Requirement: Pictures found in the material must be left out, and every line returned as written.

-=-=-

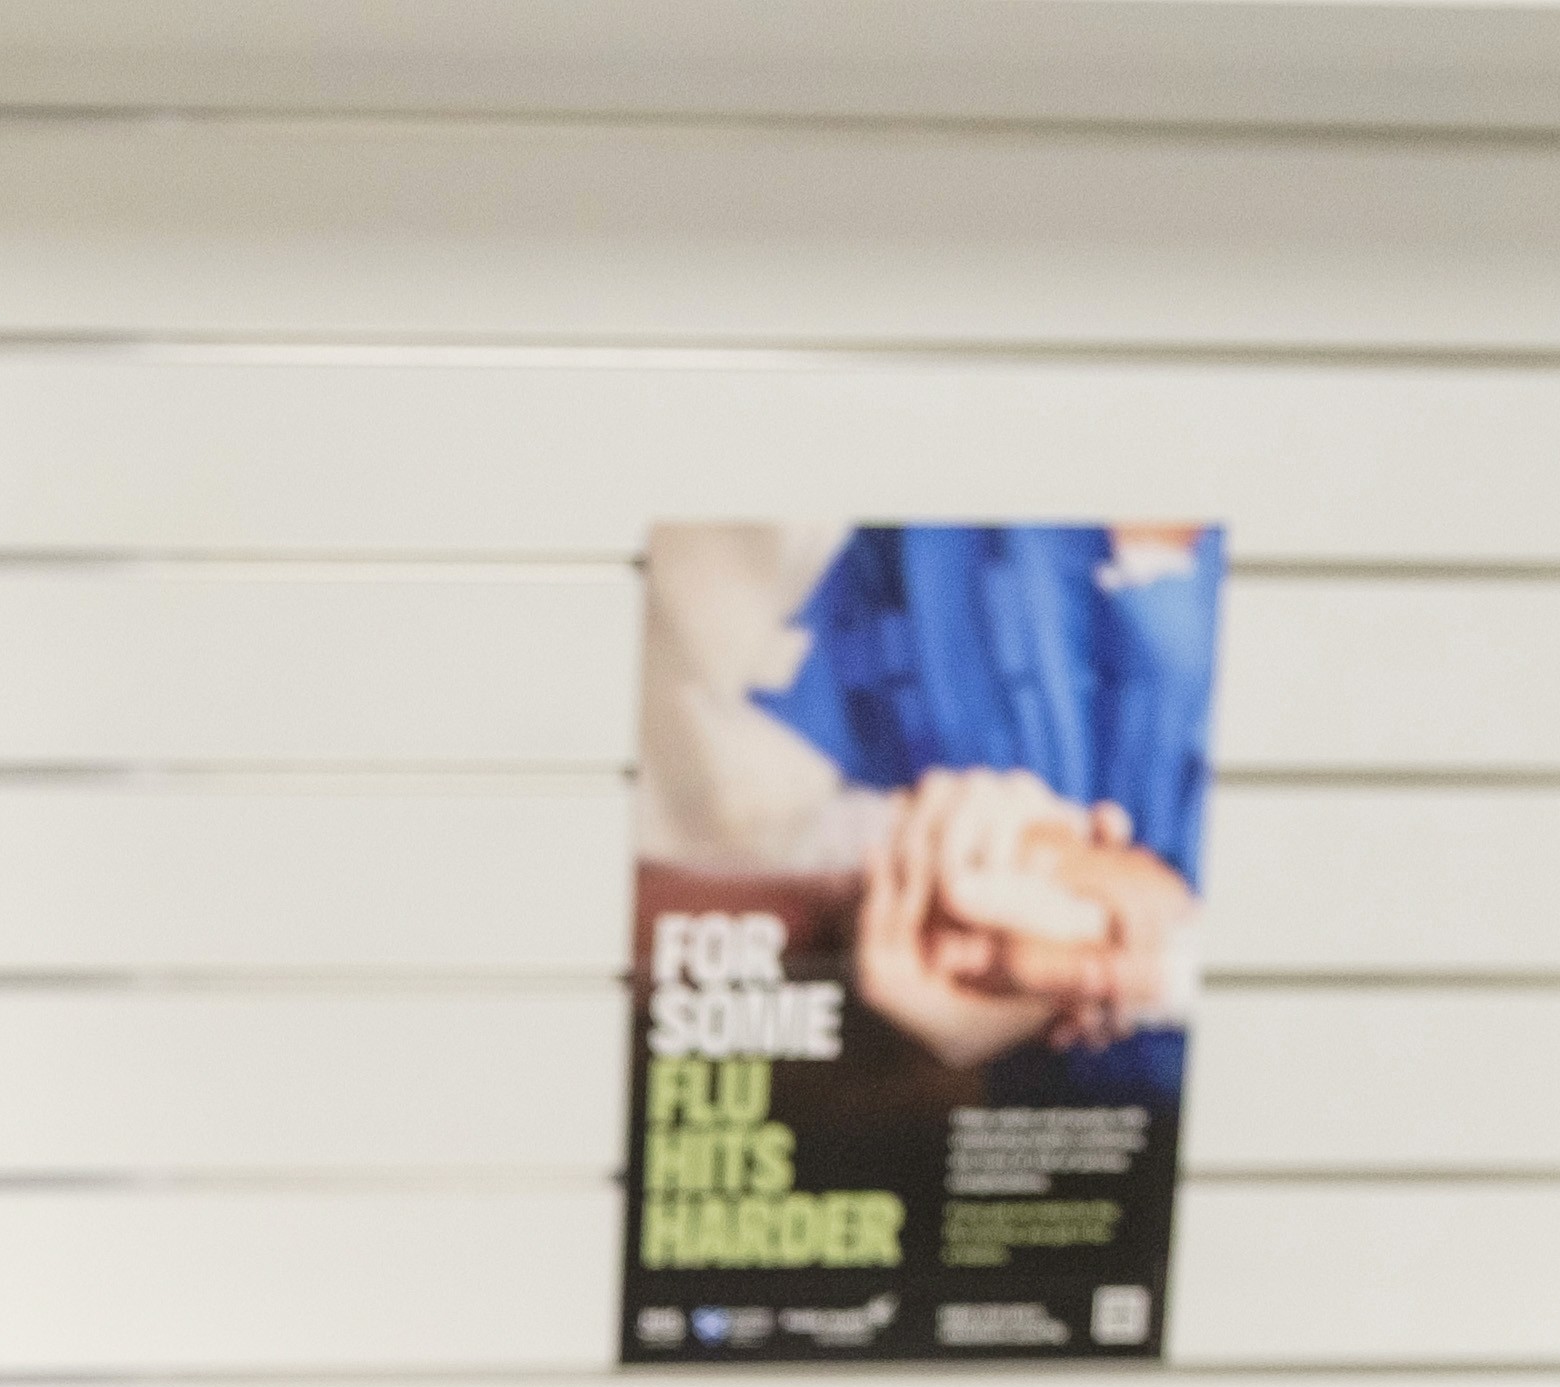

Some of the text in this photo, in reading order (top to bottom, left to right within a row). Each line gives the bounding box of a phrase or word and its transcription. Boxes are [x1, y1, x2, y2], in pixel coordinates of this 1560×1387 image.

[653, 913, 786, 984] FOR
[648, 983, 843, 1060] SOME
[647, 1057, 772, 1124] FLU
[643, 1124, 795, 1194] HITS
[640, 1192, 905, 1268] HARDER

-=-=-

Response to the exercise:
Some of the text in this photo, in reading order (top to bottom, left to right within a row). Each line gives the bounding box of a phrase or word and its transcription. Boxes are [x1, y1, x2, y2], in pixel coordinates of this 1560×1387 image.

[653, 913, 786, 984] FOR
[648, 983, 843, 1060] SOME
[647, 1057, 772, 1124] FLU
[643, 1124, 795, 1194] HITS
[640, 1192, 905, 1268] HARDER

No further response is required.